In der Begegnung mit Selbstvorwürfen bei meinen Klient*innen machen wir uns auf die Suche nach dem Sinn dahinter.
Schuld ist subjektiv geprägt
Als Außenstehender entscheidet man häufig sehr schnell, ob das Schuldgefühl des Gegenübers berechtigt ist oder nicht. Die Zuschreibung von Schuld ist geprägt von Normen und Regeln, die wir gelernt haben. Vorstellungen wie unser Zusammenleben aussehen soll. Manchmal sind diese Vorstellungen von Moral ganz starr und uneränderbar, mal sind sie flexibel.
Dasselbe gilt, wenn wir uns selbst schuldig fühlen. Je nach Ausprägung und Härte des „eigenen inneren Richters“ können wir uns in einer schwierigen Situation schuldig fühlen oder mit uns milde sein und sagen, dass viel mehr eine Rolle gespielt hat als unser eigenes Handeln.
Sind Eltern, die ihr kleines Kind kurz außer Acht lässt und dann ein tödlicher Unfall geschieht, schuldig oder nicht?
Je weiter weg man steht, umso eher neigt man möglicherweise dazu eine Mitschuld zu zu sprechen. Je besser man die Eltern kennt, sie liebt, das ganze Leid spürt, umso eher spricht man sie von Schuld frei.

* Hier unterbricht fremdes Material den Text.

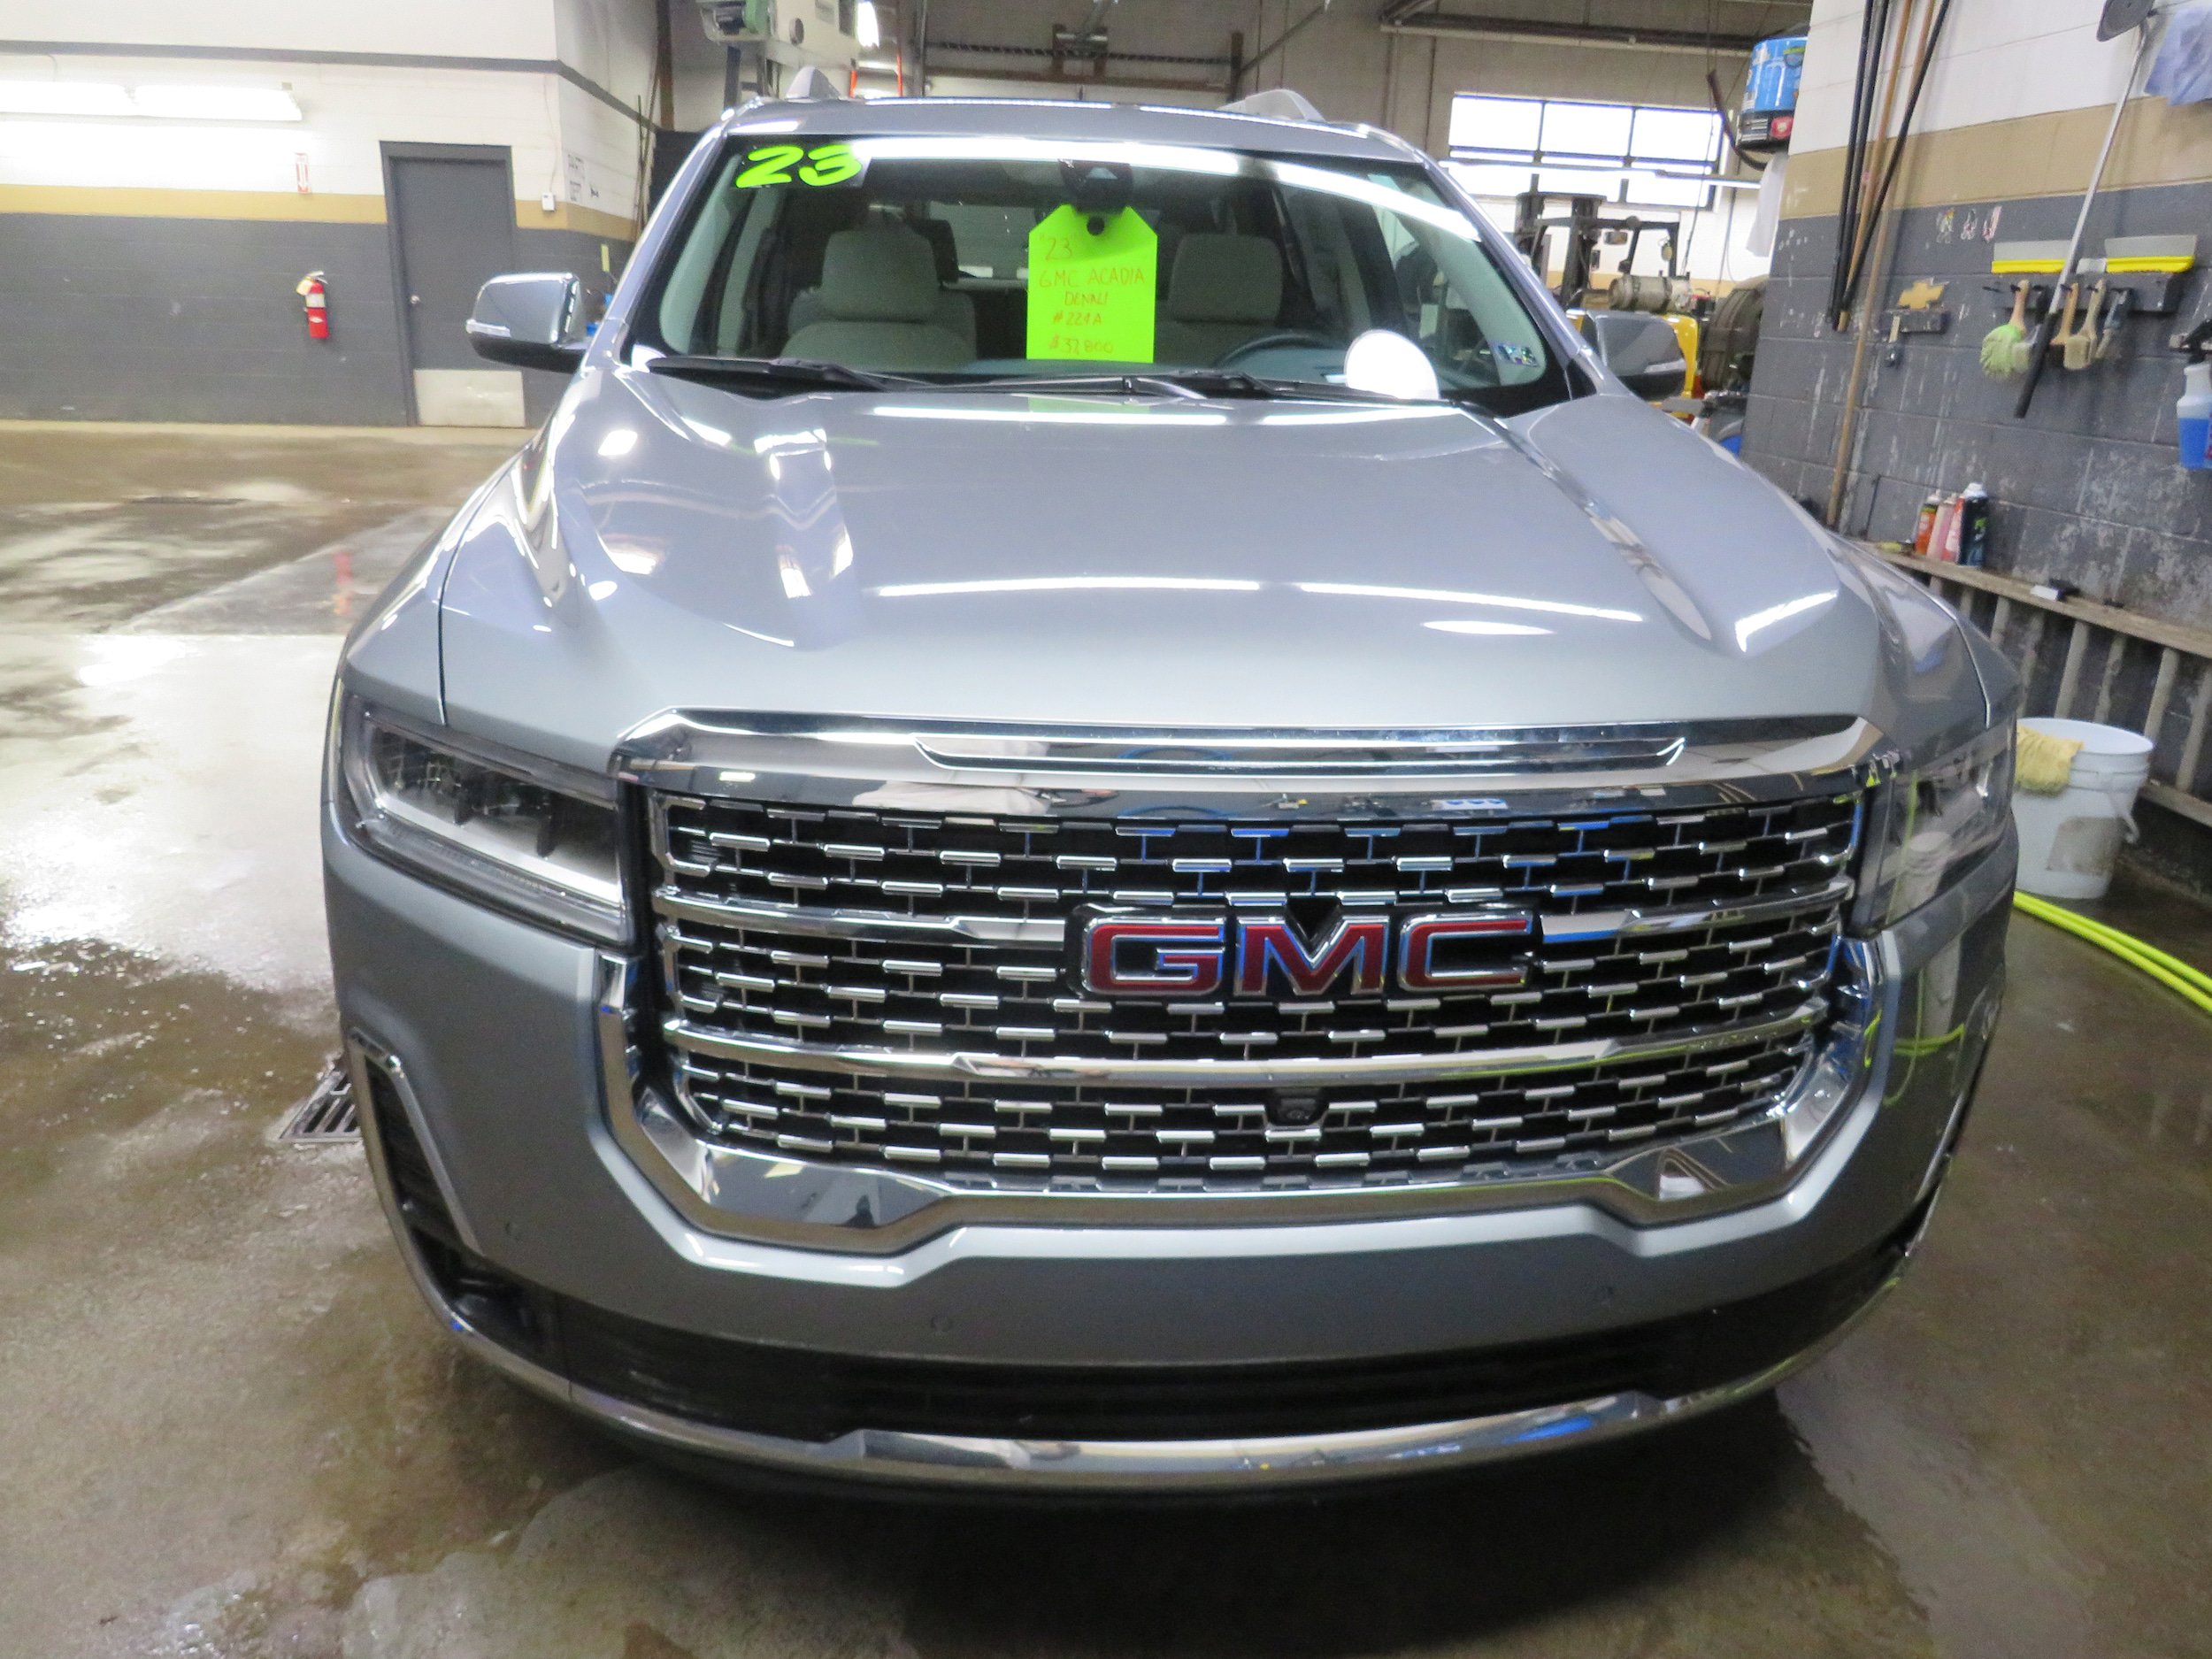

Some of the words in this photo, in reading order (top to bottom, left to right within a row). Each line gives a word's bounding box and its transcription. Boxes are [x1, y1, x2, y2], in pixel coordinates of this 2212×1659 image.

[735, 144, 863, 188] 23
[1039, 269, 1079, 288] GMC
[1088, 267, 1145, 285] ACADIA
[1081, 910, 1533, 997] GMC

Oder: wenn man selbst Mama/Papa ist, bekommt man Angst und sagt: sie hätten xy machen müssen, dann wäre das nicht passiert! In Klammern dahinter steht dann: wenn ich xy mache, kann meinem Kind und mir so was schreckliches nicht passieren. Solche Unfälle sind vermeidbar!
Oder auch: Oh Gott, die armen Eltern. Das könnte ja jedem passieren. Da können sie gar nichts dafür! In Klammern steht dann vielleicht so was wie: wie schuldig ich mich fühlen würde in der Situation- das könnte ich nicht aushalten.
Auch Gerichte kommen meist nicht zu schnellen Rechtssprüchen, sondern es erfolgt eine lange Abwägung.
Was ich damit sagen will: in seltesten Fällen ist es eindeutig und in unserem Alltag ist das Empfinden von Schuldgefühlen und die Zuschreibung von Schuld sehr subjektiv.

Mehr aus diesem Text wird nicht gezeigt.